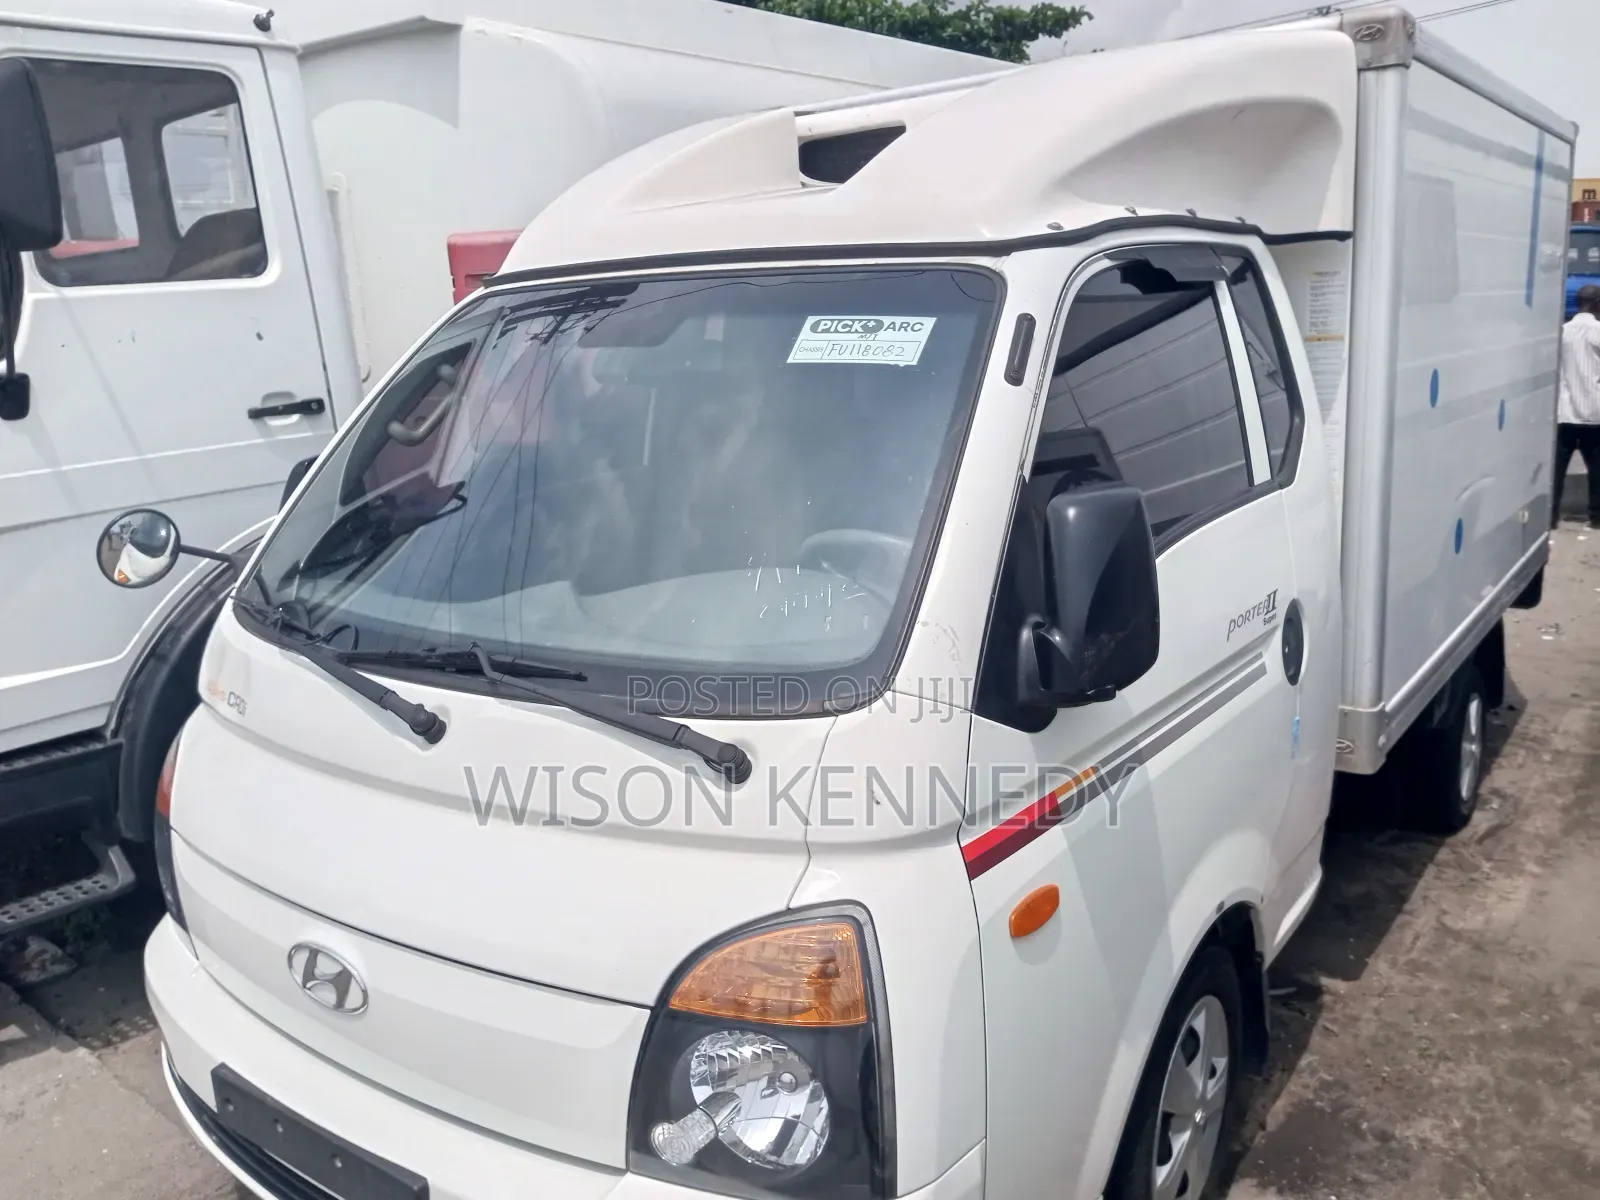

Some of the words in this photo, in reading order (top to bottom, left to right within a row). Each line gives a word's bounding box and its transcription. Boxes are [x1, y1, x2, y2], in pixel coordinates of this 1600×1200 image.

[883, 321, 925, 332] ARC
[1226, 598, 1270, 642] PORTER
[1263, 613, 1277, 626] Super
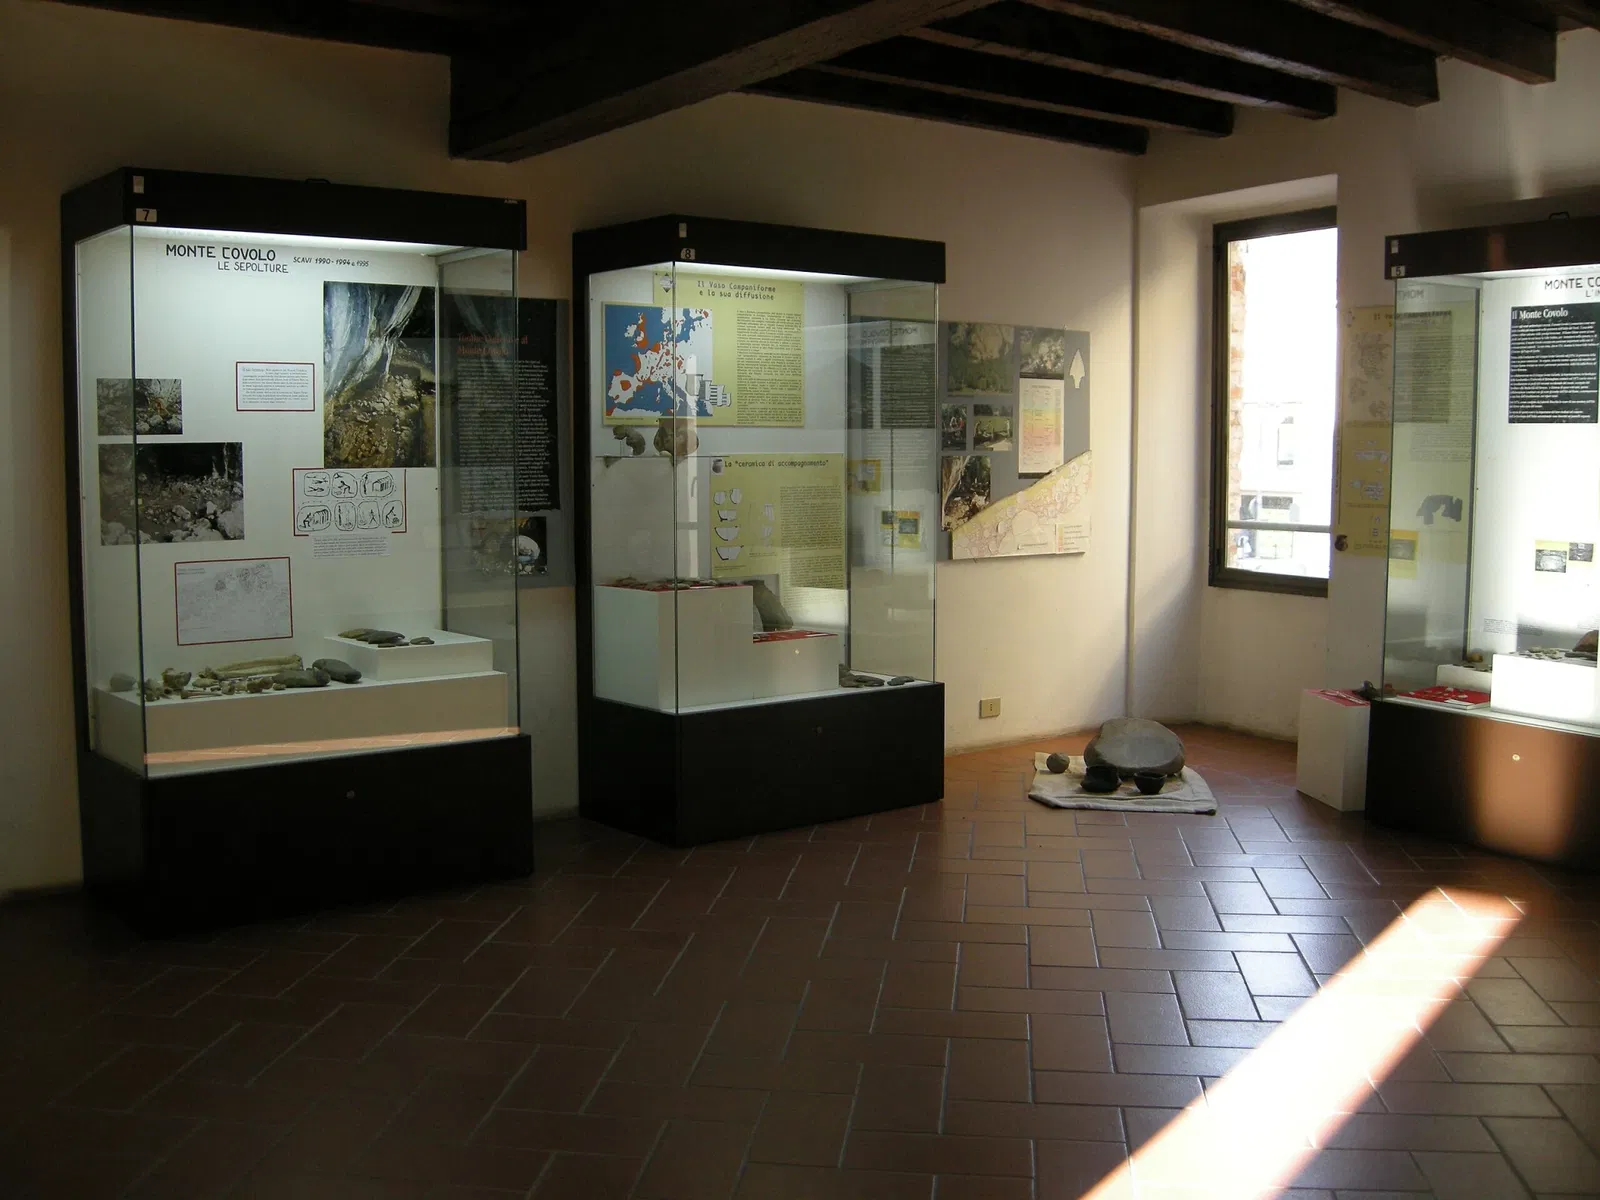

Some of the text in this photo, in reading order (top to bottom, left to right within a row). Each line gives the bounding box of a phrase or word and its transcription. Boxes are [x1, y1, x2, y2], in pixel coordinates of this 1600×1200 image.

[142, 209, 150, 221] 7
[165, 244, 276, 262] MONTE COVOLO
[685, 248, 692, 259] 8
[293, 256, 313, 264] SCAVI
[217, 261, 289, 273] LE SEPOLTURE
[1395, 266, 1402, 277] 5
[697, 280, 776, 293] Il Vaso Campaniforme
[1544, 277, 1583, 290] MONTE
[735, 292, 775, 300] diffusione
[1512, 307, 1569, 321] Il Monte Covolo
[724, 460, 732, 468] La
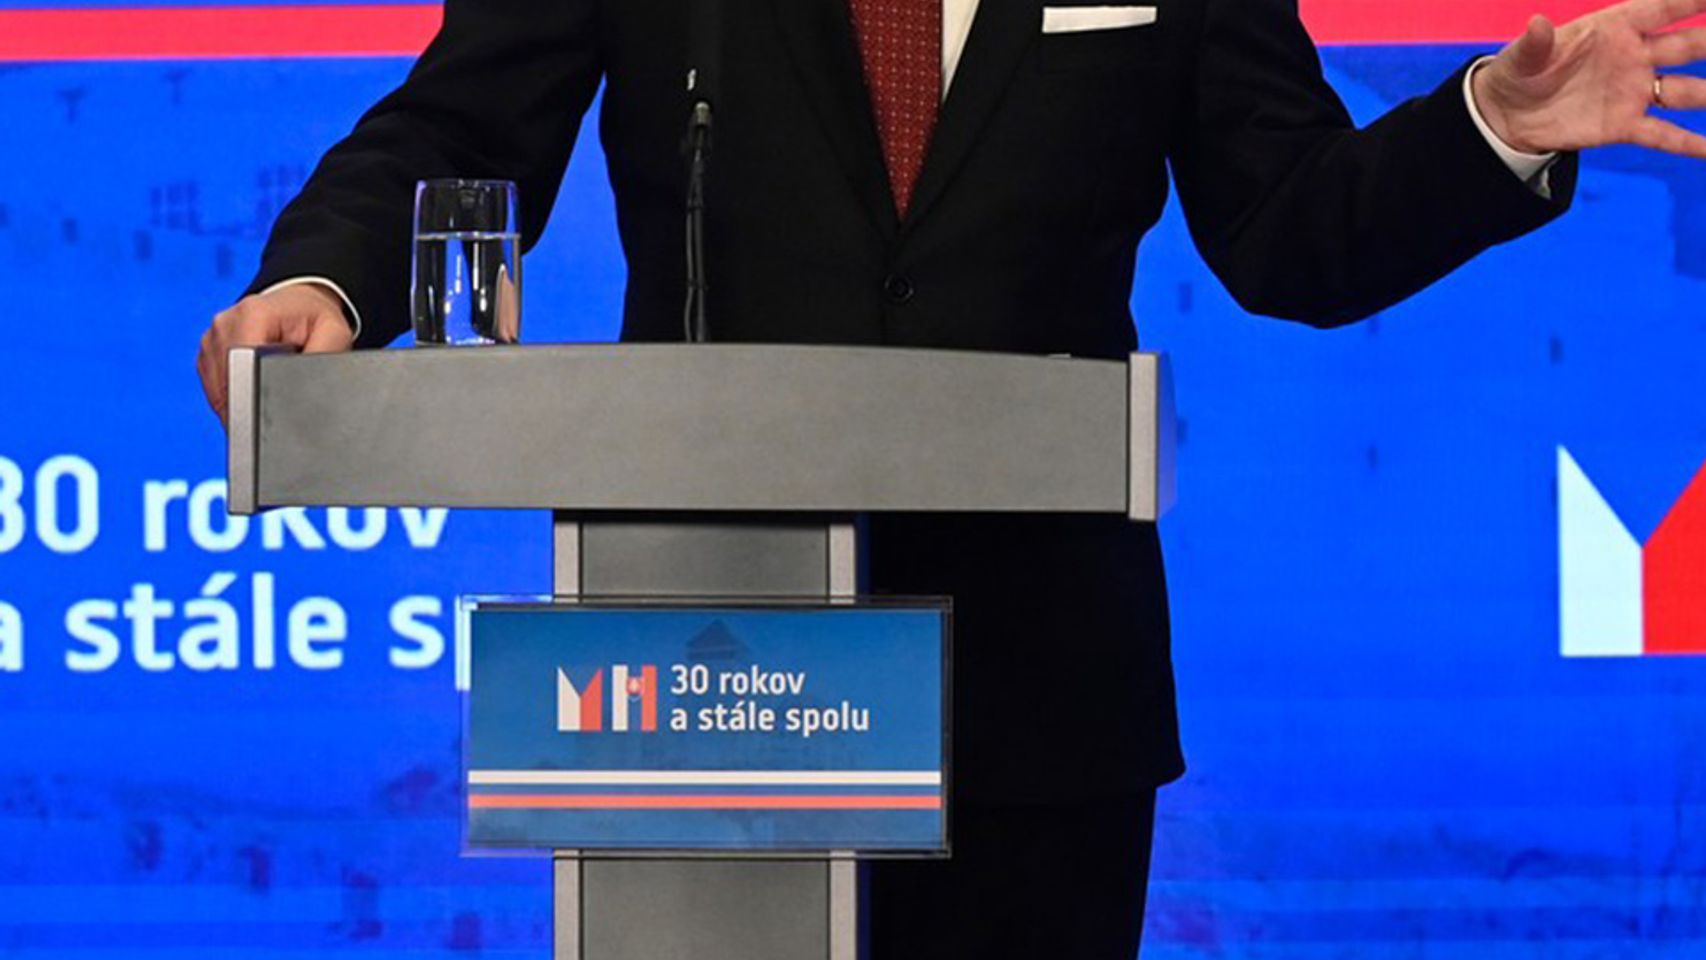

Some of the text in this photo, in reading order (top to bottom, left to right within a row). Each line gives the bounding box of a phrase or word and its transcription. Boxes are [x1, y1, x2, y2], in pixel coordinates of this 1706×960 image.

[65, 572, 347, 671] stále
[671, 664, 805, 695] 30 rokov
[670, 700, 869, 737] a stále spolu

# # # #

DIRECTIONS
Output the line holding "this 1706×960 image.", then every later line through the end of the records above, exactly as given and nothing else.

OUTPUT FOR THIS EXERCISE
Some of the text in this photo, in reading order (top to bottom, left to right within a row). Each line gives the bounding box of a phrase or word and its transcription. Boxes are [x1, y1, x2, y2], in pixel coordinates of this 1706×960 image.

[65, 572, 347, 671] stále
[671, 664, 805, 695] 30 rokov
[670, 700, 869, 737] a stále spolu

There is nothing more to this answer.